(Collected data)
↓↓↓
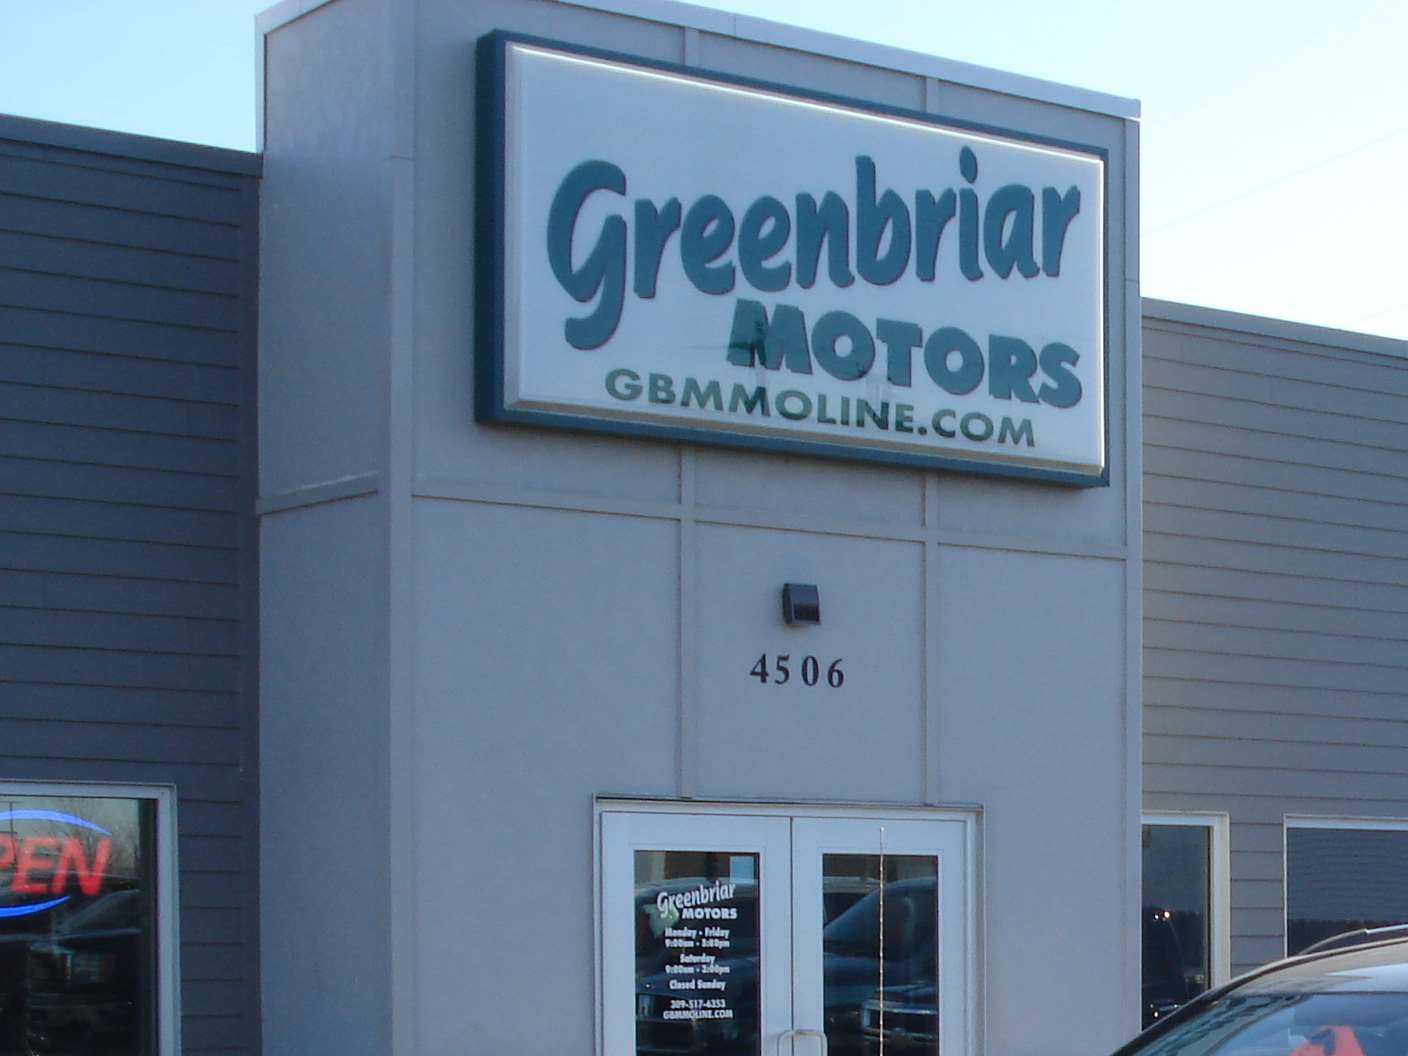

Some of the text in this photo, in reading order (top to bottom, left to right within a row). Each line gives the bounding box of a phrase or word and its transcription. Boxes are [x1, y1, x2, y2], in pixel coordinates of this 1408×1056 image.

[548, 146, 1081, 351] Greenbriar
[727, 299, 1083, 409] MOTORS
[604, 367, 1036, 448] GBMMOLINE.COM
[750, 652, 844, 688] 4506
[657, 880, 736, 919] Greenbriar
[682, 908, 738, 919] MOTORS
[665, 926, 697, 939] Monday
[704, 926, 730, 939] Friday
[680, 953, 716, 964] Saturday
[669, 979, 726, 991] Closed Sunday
↑↑↑
● Task item
Where a picture appears, skip it and copy the rest of the data word for word.

● Completed exercise
Some of the text in this photo, in reading order (top to bottom, left to right within a row). Each line gives the bounding box of a phrase or word and its transcription. Boxes are [x1, y1, x2, y2], in pixel coordinates of this 1408×1056 image.

[548, 146, 1081, 351] Greenbriar
[727, 299, 1083, 409] MOTORS
[604, 367, 1036, 448] GBMMOLINE.COM
[750, 652, 844, 688] 4506
[657, 880, 736, 919] Greenbriar
[682, 908, 738, 919] MOTORS
[665, 926, 697, 939] Monday
[704, 926, 730, 939] Friday
[680, 953, 716, 964] Saturday
[669, 979, 726, 991] Closed Sunday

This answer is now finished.